---------- Information provided ----------

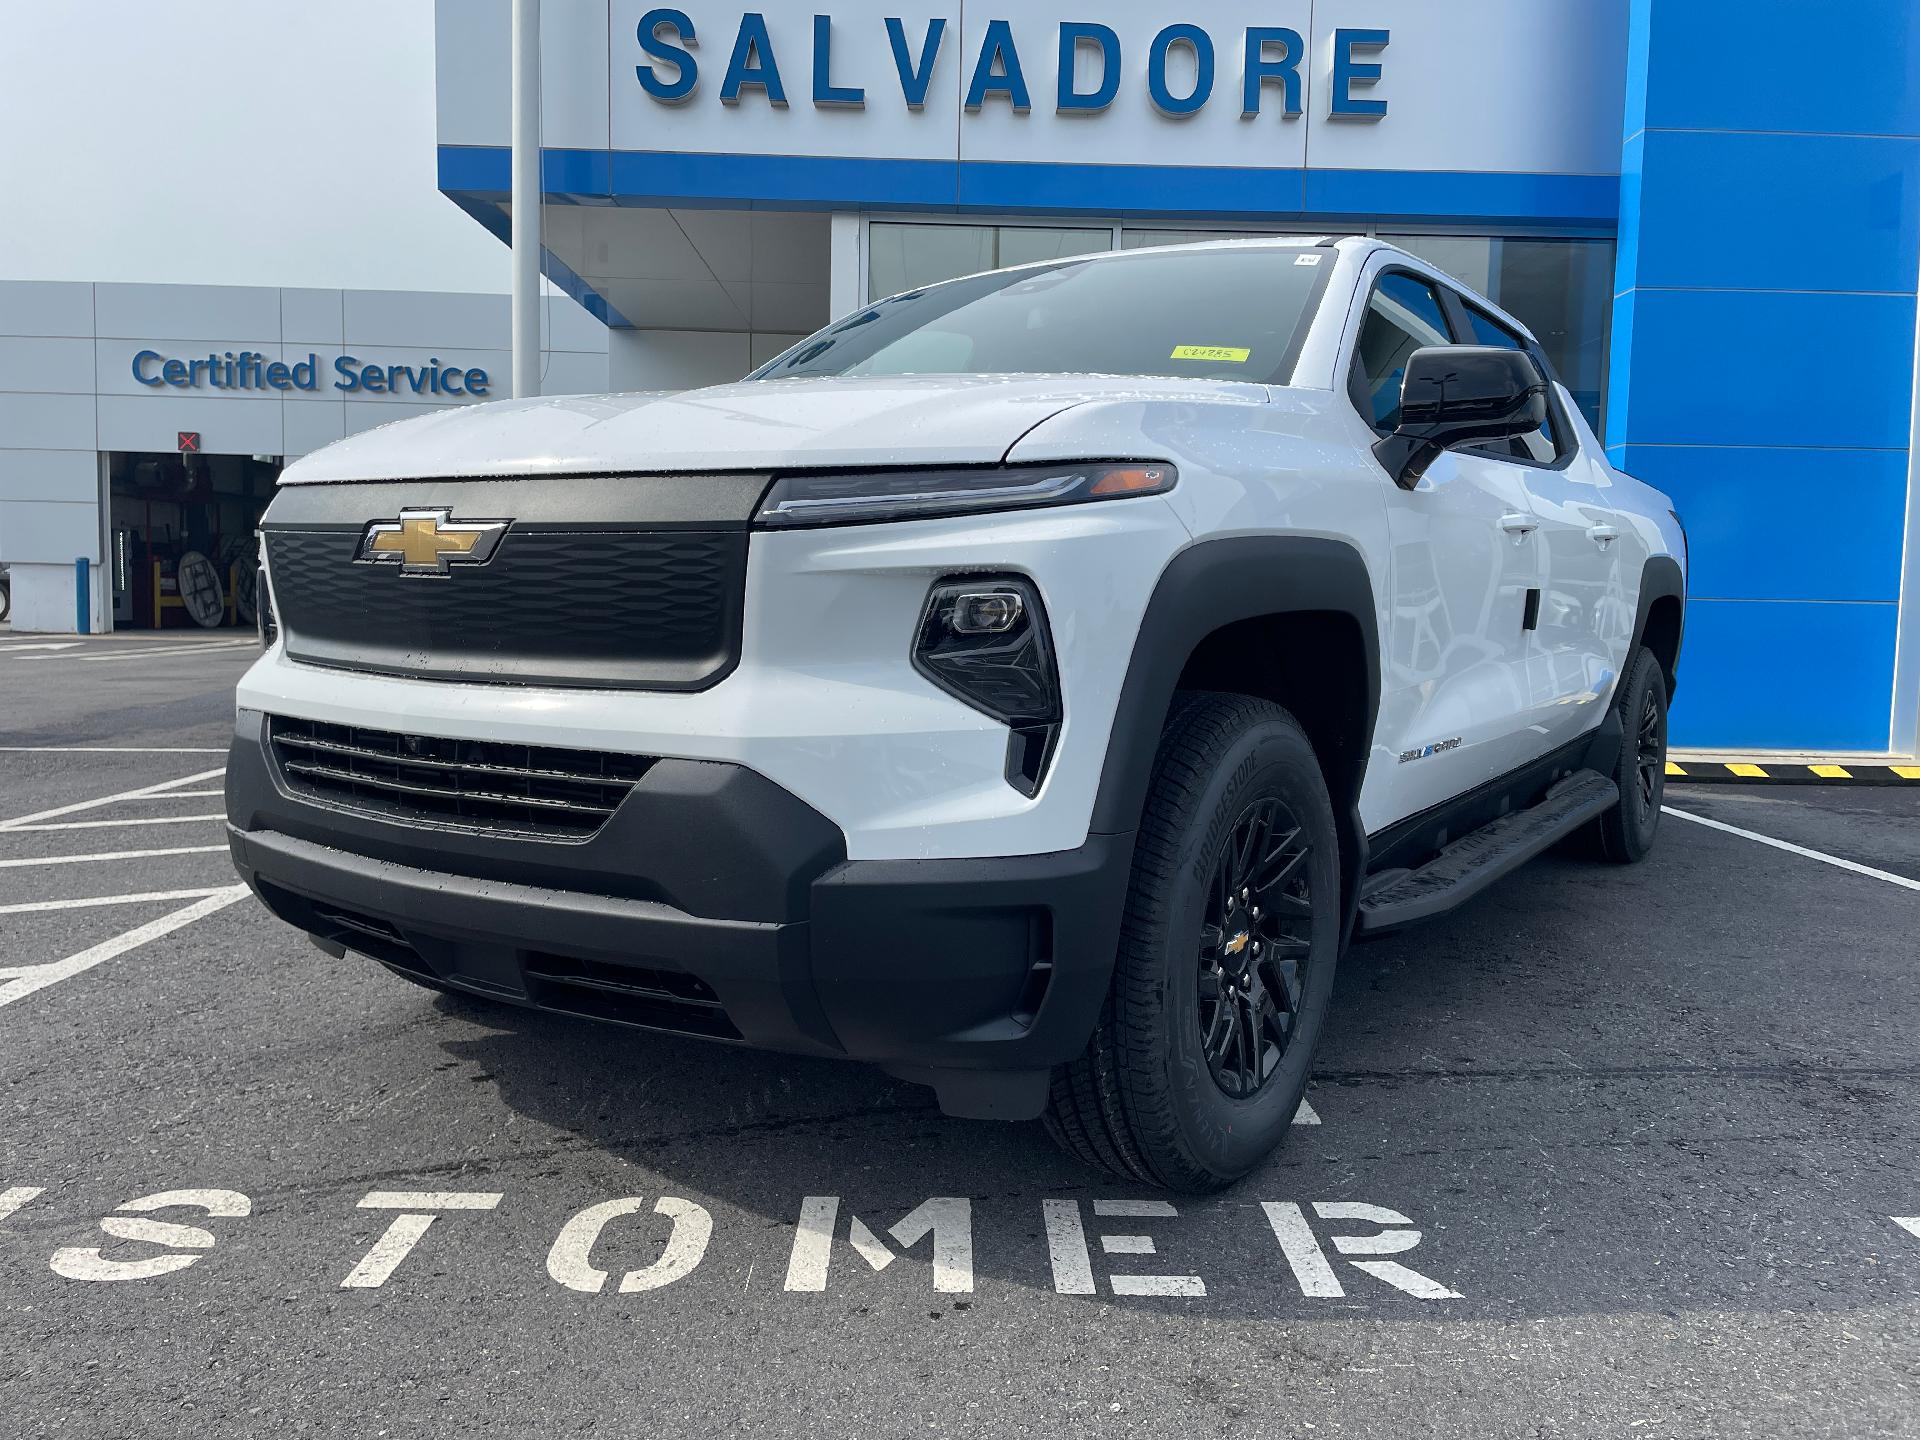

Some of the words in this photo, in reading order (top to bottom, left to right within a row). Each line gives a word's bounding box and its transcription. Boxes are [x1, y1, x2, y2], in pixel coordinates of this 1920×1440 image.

[635, 8, 1390, 121] SALVADORE
[131, 350, 320, 391] Certified
[334, 356, 491, 396] Service
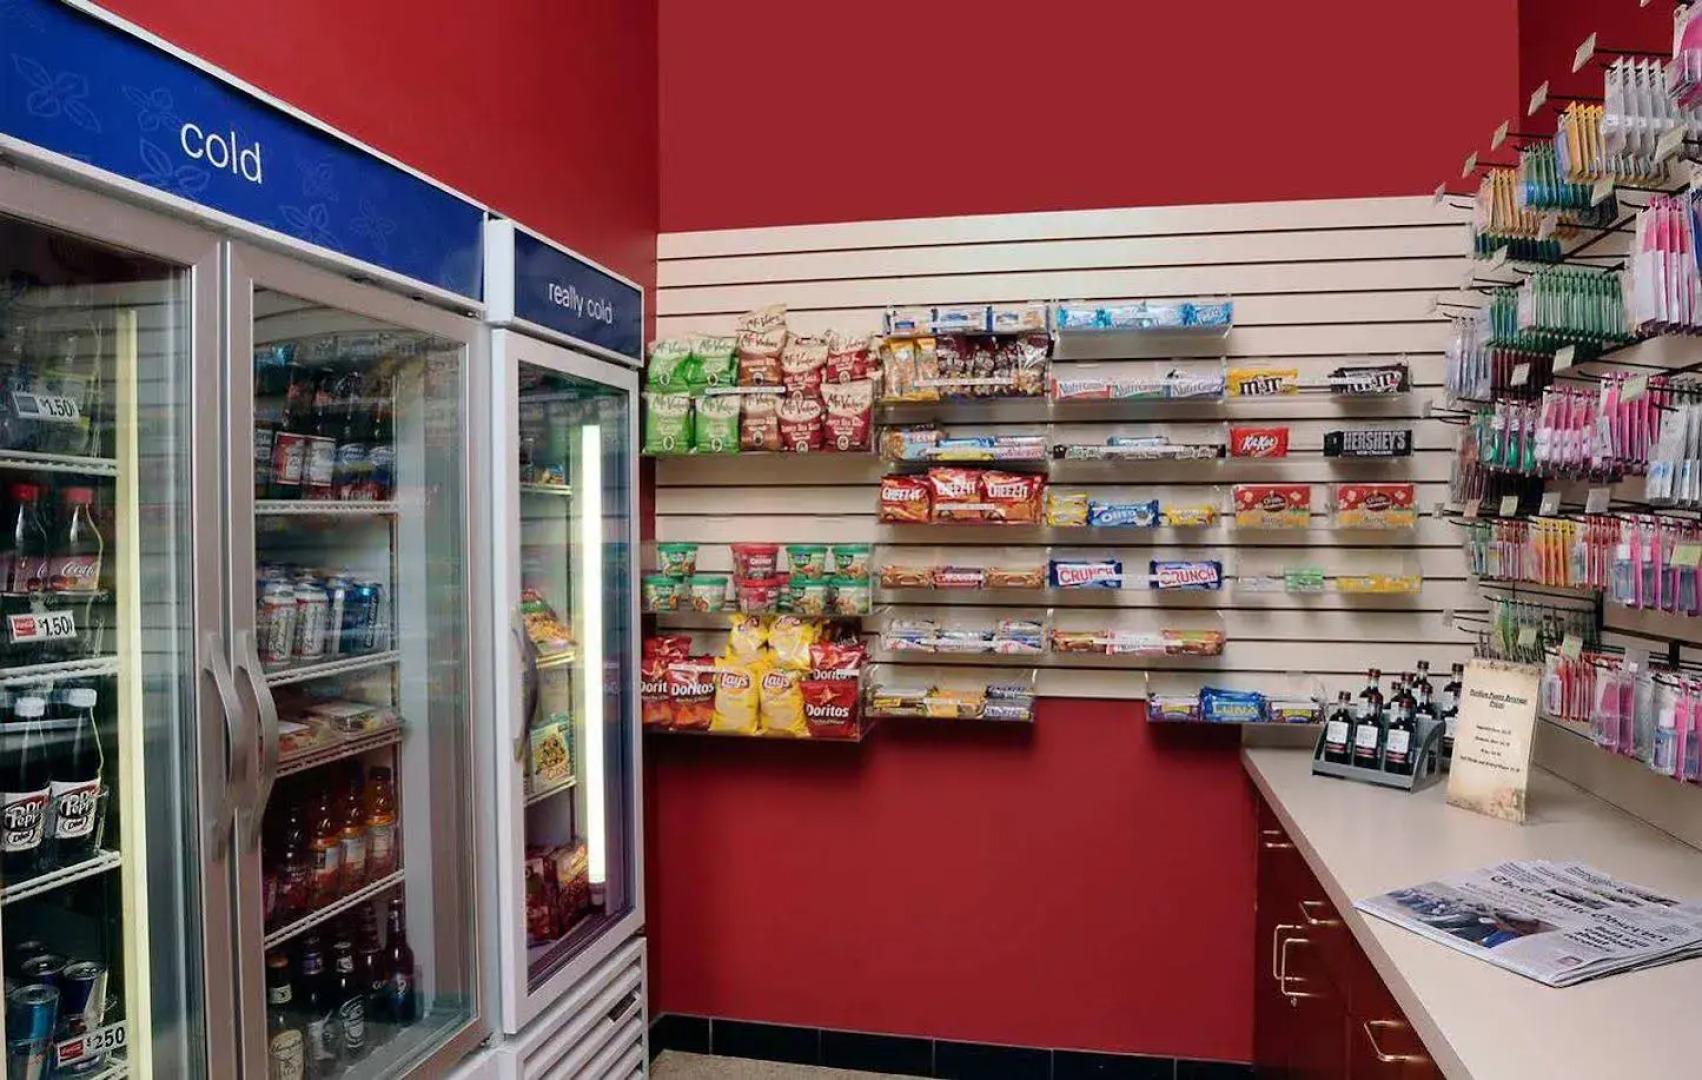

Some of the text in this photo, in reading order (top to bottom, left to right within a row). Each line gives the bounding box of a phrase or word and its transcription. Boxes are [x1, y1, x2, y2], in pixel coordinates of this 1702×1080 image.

[181, 123, 262, 184] cold
[549, 283, 613, 325] really cold
[1343, 431, 1406, 450] HERSHEY'S
[1060, 567, 1115, 583] CRUNCH
[1160, 569, 1216, 585] CRUNCH
[671, 682, 715, 696] Doritos
[806, 703, 849, 717] Doritos

----------

In the answer, include exactly the lines from the line containing "Some of the text" through the end of the data, and nothing else.

Some of the text in this photo, in reading order (top to bottom, left to right within a row). Each line gives the bounding box of a phrase or word and its transcription. Boxes are [x1, y1, x2, y2], in pixel coordinates of this 1702×1080 image.

[181, 123, 262, 184] cold
[549, 283, 613, 325] really cold
[1343, 431, 1406, 450] HERSHEY'S
[1060, 567, 1115, 583] CRUNCH
[1160, 569, 1216, 585] CRUNCH
[671, 682, 715, 696] Doritos
[806, 703, 849, 717] Doritos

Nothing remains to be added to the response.